===== Data records
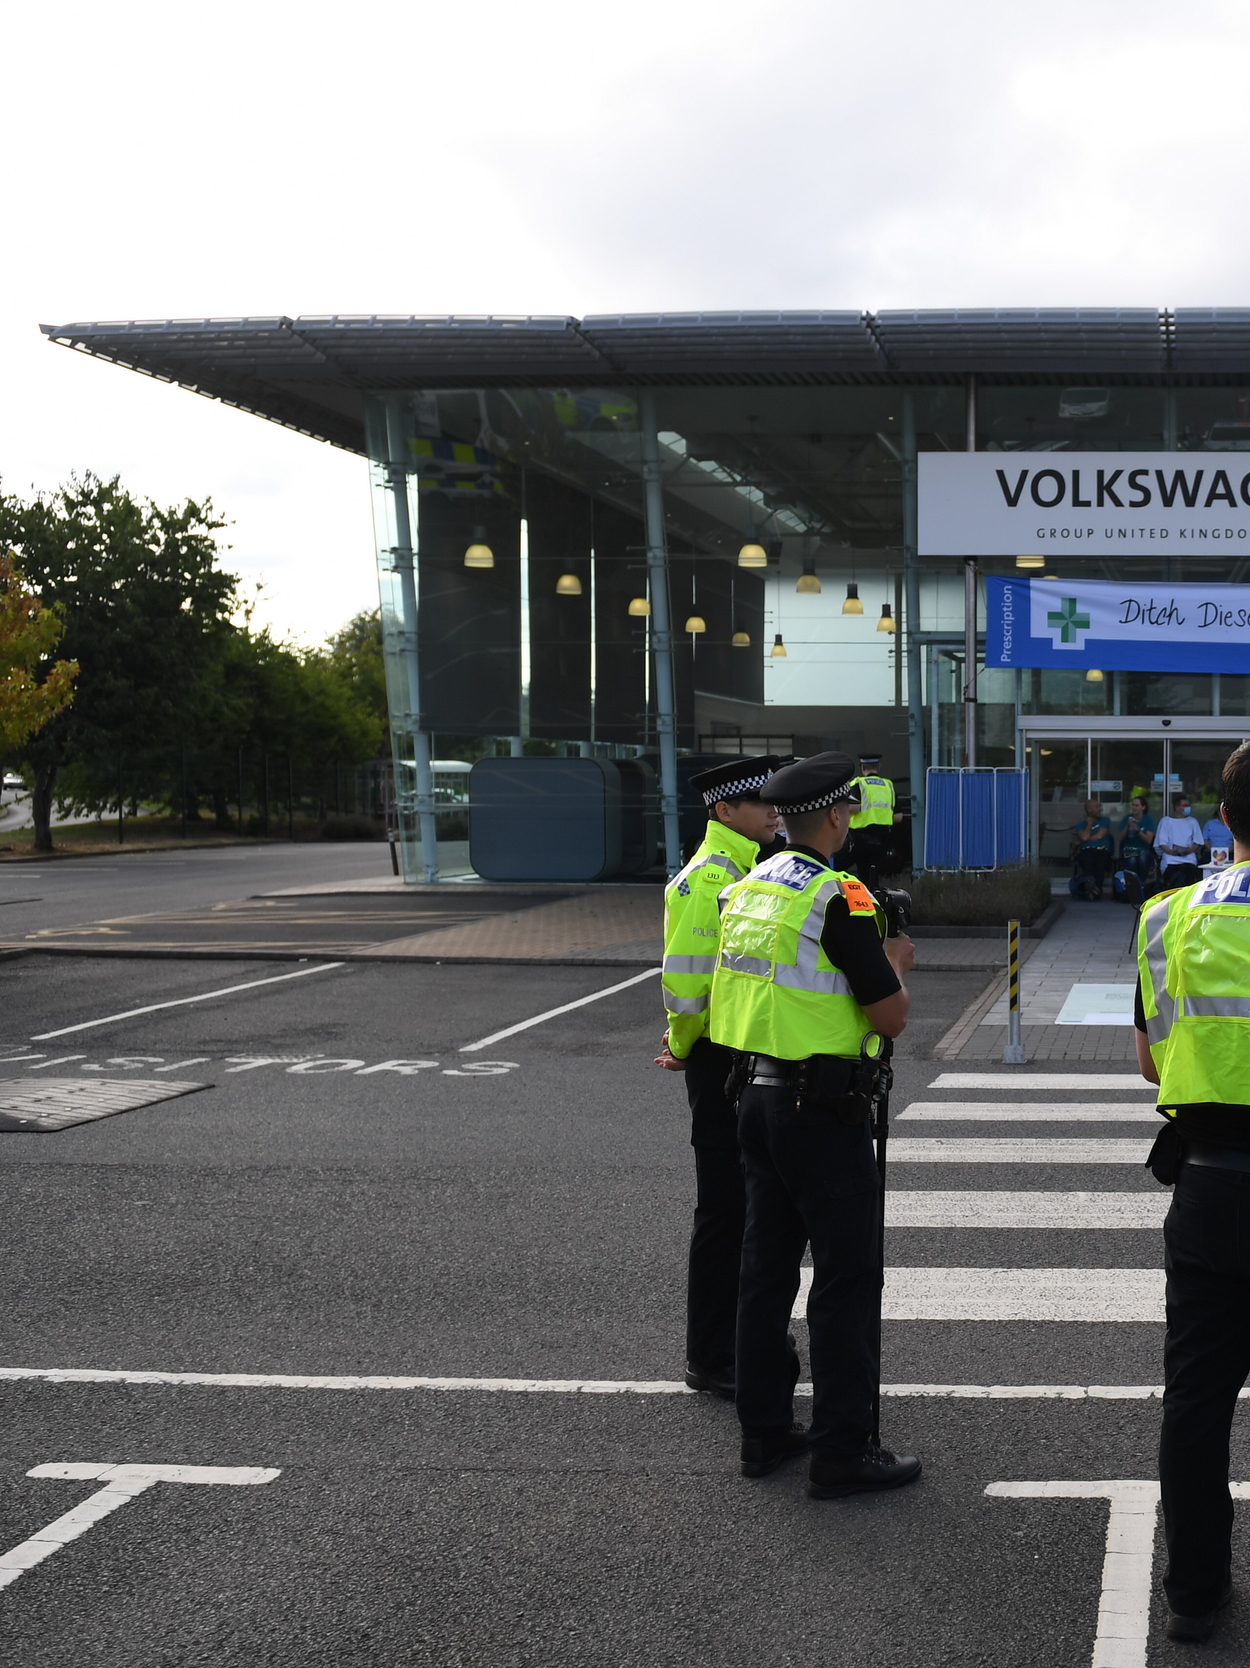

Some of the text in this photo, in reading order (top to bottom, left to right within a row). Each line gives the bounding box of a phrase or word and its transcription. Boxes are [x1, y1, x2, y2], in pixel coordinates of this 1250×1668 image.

[1036, 528, 1095, 539] GROUP
[1105, 528, 1170, 539] UNITED
[1118, 598, 1186, 626] Ditch
[1000, 585, 1015, 662] Prescription
[692, 926, 718, 938] POLICE
==========
Exact output of each line above is wanted, without the pictures.

Some of the text in this photo, in reading order (top to bottom, left to right within a row). Each line gives the bounding box of a phrase or word and its transcription. Boxes are [x1, y1, x2, y2], in pixel coordinates of this 1250×1668 image.

[1036, 528, 1095, 539] GROUP
[1105, 528, 1170, 539] UNITED
[1118, 598, 1186, 626] Ditch
[1000, 585, 1015, 662] Prescription
[692, 926, 718, 938] POLICE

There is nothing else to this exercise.